腹痛も回復し、フリマで上々の収穫品をゲットしてきたAlcesどんです。

その代わりにお財布が寒くなったとです。(苦笑)


さて二日も間が空いてしまいましたが、今日も一日に掲載した道具の中からまた一つ紹介してみたいと思います。


今回紹介するのは新潟の名工・江川清宗(本名:江川民蔵)の鉋です。

千代鶴だの石堂だのという有名工の名前は、大工道具ををあまり使わない方でも打ち刃物に興味がある方であれば、一度くらい聞いたことがあるかもしれませんが、江川清宗という名前はあまり知られていないのではないでしょうか。

しかしこの江川清宗の師匠・長谷川清広に始まる技術系統は、実は今日活躍されている他分野の有名工にも繋がるのです。


https://blogs.c.yimg.jp/res/blog-68-91/new_alces/folder/7055/27/27437827/img_26_m?1452423367


これが江川清宗に関連した工人の系譜になります。


手道具や打ち刃物の愛好家の方は、この系譜の中に見慣れた名前を見つけられたかもしれませんね。

そう、剃刀鍛冶の第一人者である岩崎重義氏や、包丁鍛冶として有名な飯塚解房氏(作名重房)もこの系統に属するのです。

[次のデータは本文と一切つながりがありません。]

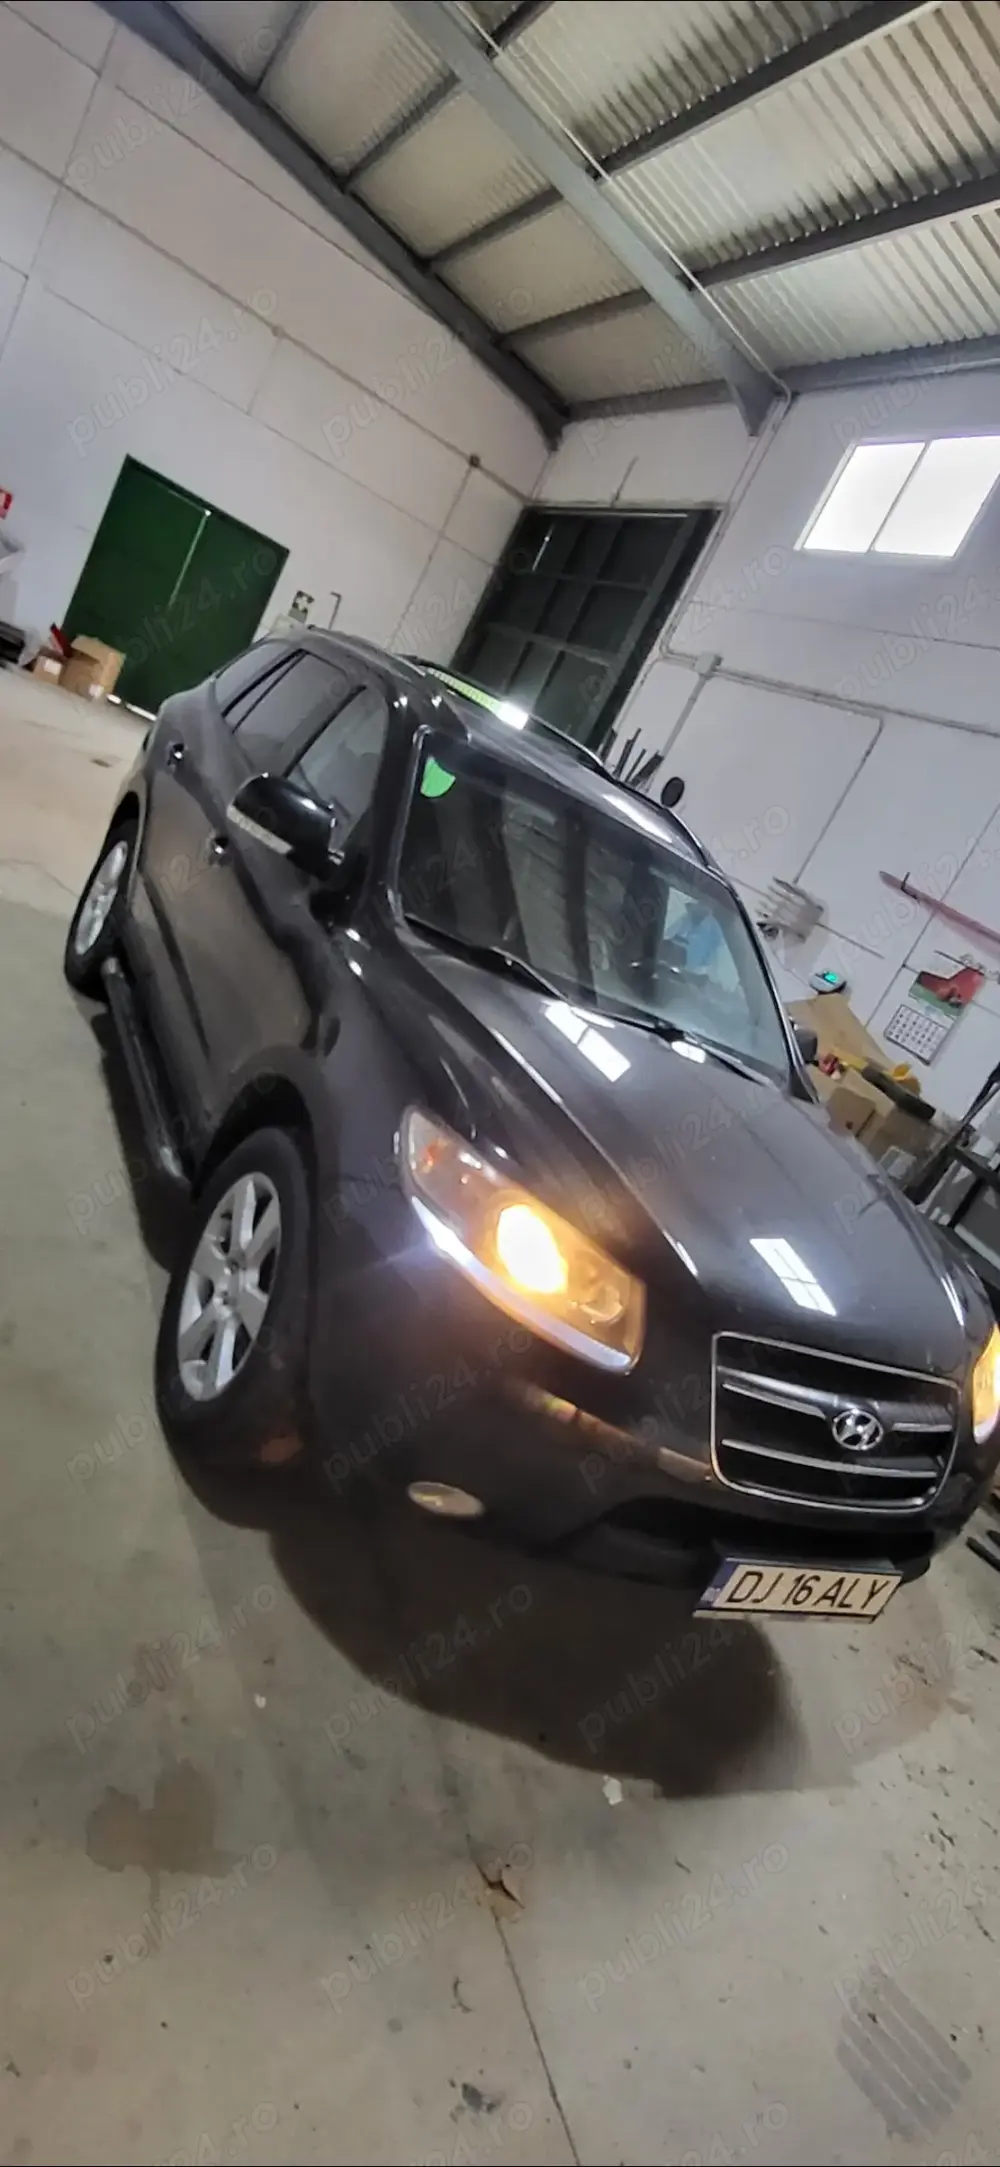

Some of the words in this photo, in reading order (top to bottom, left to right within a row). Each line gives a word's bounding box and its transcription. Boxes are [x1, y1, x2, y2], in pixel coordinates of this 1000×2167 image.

[725, 1571, 784, 1603] DJ
[782, 1573, 820, 1605] 16
[813, 1577, 891, 1612] ALY

そのうえ若かりし頃の刀匠・天田昭次氏も鉋作りの指導を受けたということで、いよいよこの系統の重要性も高いものになりますね。

天田昭次氏は日本刀鍛錬伝習所の出身ですので、岩崎航介氏の後輩に当たり、ともに栗原彦三郎門下ということになりますが、終戦後刀剣作りだけでは生活してゆけなくなり、鉋製作にも励むことになりました。

その際に鉋作りを指導したのが長嶋宗則だったわけです。

長谷川清広から長嶋宗則に至るまでのこの系統は、その仕事内容の範囲から分類すると、一般的に野鍛冶のカテゴリーに収まると言えますが、その系譜が刀剣の人間国宝に繋がっていくとは希なことでしょうし、大変興味深いと思います。


この師弟関係の詳細は、ネット検索をかけると詳しく解説されている方のホームページがありますし、今回の本当のメインの話題は江川清宗についてですので、長嶋宗則より後の世代についての詳細な内容は省かせて頂き、話を江川清宗に絞っていこうと思います。(情報源の関係上、その弟子の長嶋宗則の話も多くなってしまいますが)


江川清宗について言及されている書籍は、私が見つけてこれたのは刀匠で人間国宝の天田明次氏の著書、「鉄と日本刀」くらいなのですが、氏に鉋製作を勧め指導をされた「長嶋宗則さん」(P240)という項目で僅かに触れられています。

これを以下に一部引用してみます。


《長島さんの刃物の師匠は、(新潟)県内の江川清宗という方です。この師匠のことを長島さんが「名人の中の名人」と言うのですから、大したものだったのでしょう。種類の違う鋼を10本ばかり並べておいて、小槌でコンコンと叩いただけで、これは鉈にいい、これは鉋だと、鋼ごとの最適な用途をたちどころに判別したそうです。昔の職人に学問のないのは当たり前ですが、それでいてコンピューターでも及ばないような勘が働くのですから驚きです。》


鋼に対する優れた鑑定眼を持っていた江川清宗ですが、その勘の鋭さは弟子であった長嶋宗則にも受け継がれたようで、長嶋氏は安来製鋼所で製造された鋼のなかでも、昭和10年〜11年製の桜ハガネが最高だと語り、その鋼を大事に使っていたそうです。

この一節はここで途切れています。